Write the entries out again in full and unchanged, dropping every image.

● **STUDY MATERIAL**:

***

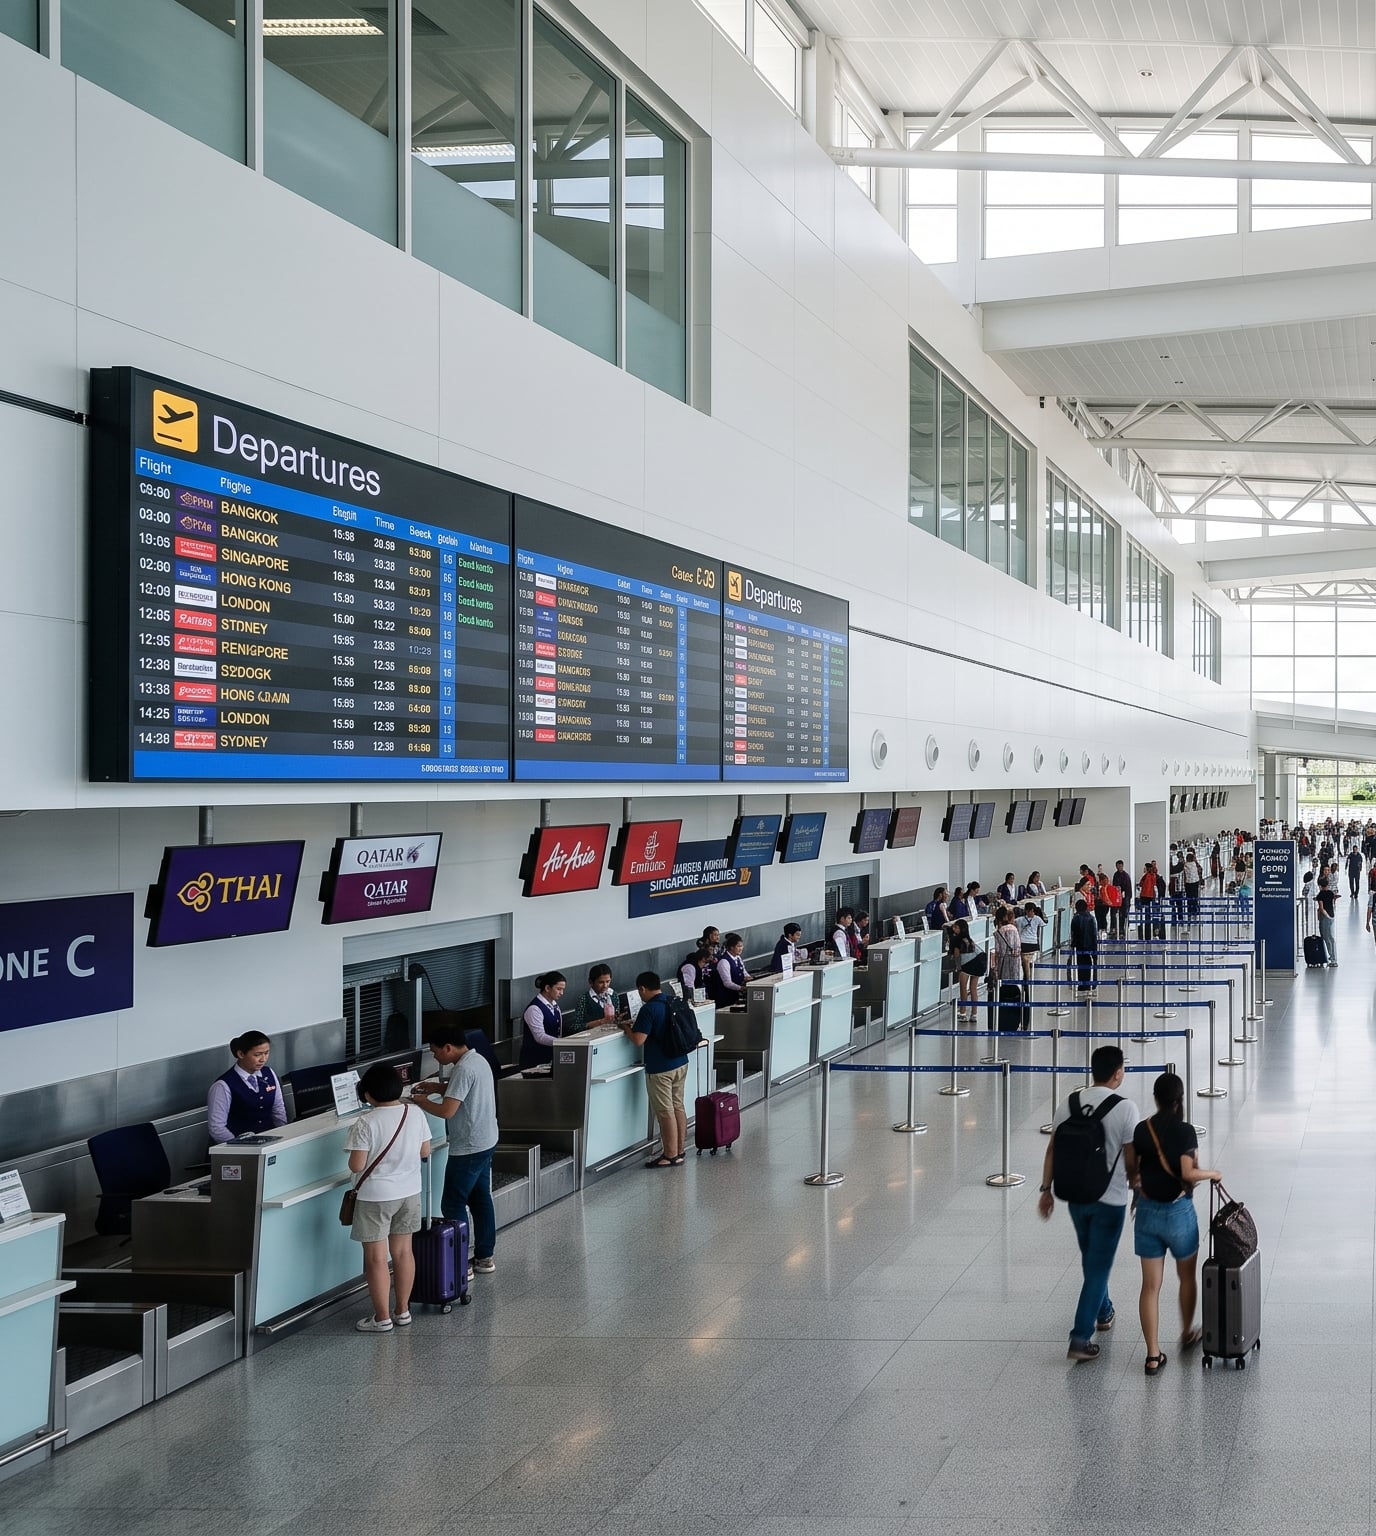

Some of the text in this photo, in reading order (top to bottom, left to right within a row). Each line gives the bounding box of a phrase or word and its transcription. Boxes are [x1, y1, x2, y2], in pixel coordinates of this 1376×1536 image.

[139, 456, 172, 475] Flight
[213, 414, 382, 496] Departures
[221, 501, 279, 525] BANGKOK
[221, 525, 279, 548] BANGKOK
[221, 548, 290, 572] SINGAPORE
[221, 571, 257, 588] HONG
[259, 576, 292, 594] KONG
[221, 594, 271, 613] LONDON
[745, 579, 803, 615] Departures
[221, 687, 255, 702] HONG
[139, 706, 171, 720] 14:25
[220, 711, 270, 726] LONDON
[220, 734, 269, 748] SYDNEY
[356, 847, 405, 868] QATAR
[216, 873, 283, 904] THAI
[363, 879, 409, 900] QATAR
[0, 934, 95, 982] NE C

***

● **RESPONSE**:
Some of the text in this photo, in reading order (top to bottom, left to right within a row). Each line gives the bounding box of a phrase or word and its transcription. Boxes are [x1, y1, x2, y2], in pixel coordinates of this 1376×1536 image.

[139, 456, 172, 475] Flight
[213, 414, 382, 496] Departures
[221, 501, 279, 525] BANGKOK
[221, 525, 279, 548] BANGKOK
[221, 548, 290, 572] SINGAPORE
[221, 571, 257, 588] HONG
[259, 576, 292, 594] KONG
[221, 594, 271, 613] LONDON
[745, 579, 803, 615] Departures
[221, 687, 255, 702] HONG
[139, 706, 171, 720] 14:25
[220, 711, 270, 726] LONDON
[220, 734, 269, 748] SYDNEY
[356, 847, 405, 868] QATAR
[216, 873, 283, 904] THAI
[363, 879, 409, 900] QATAR
[0, 934, 95, 982] NE C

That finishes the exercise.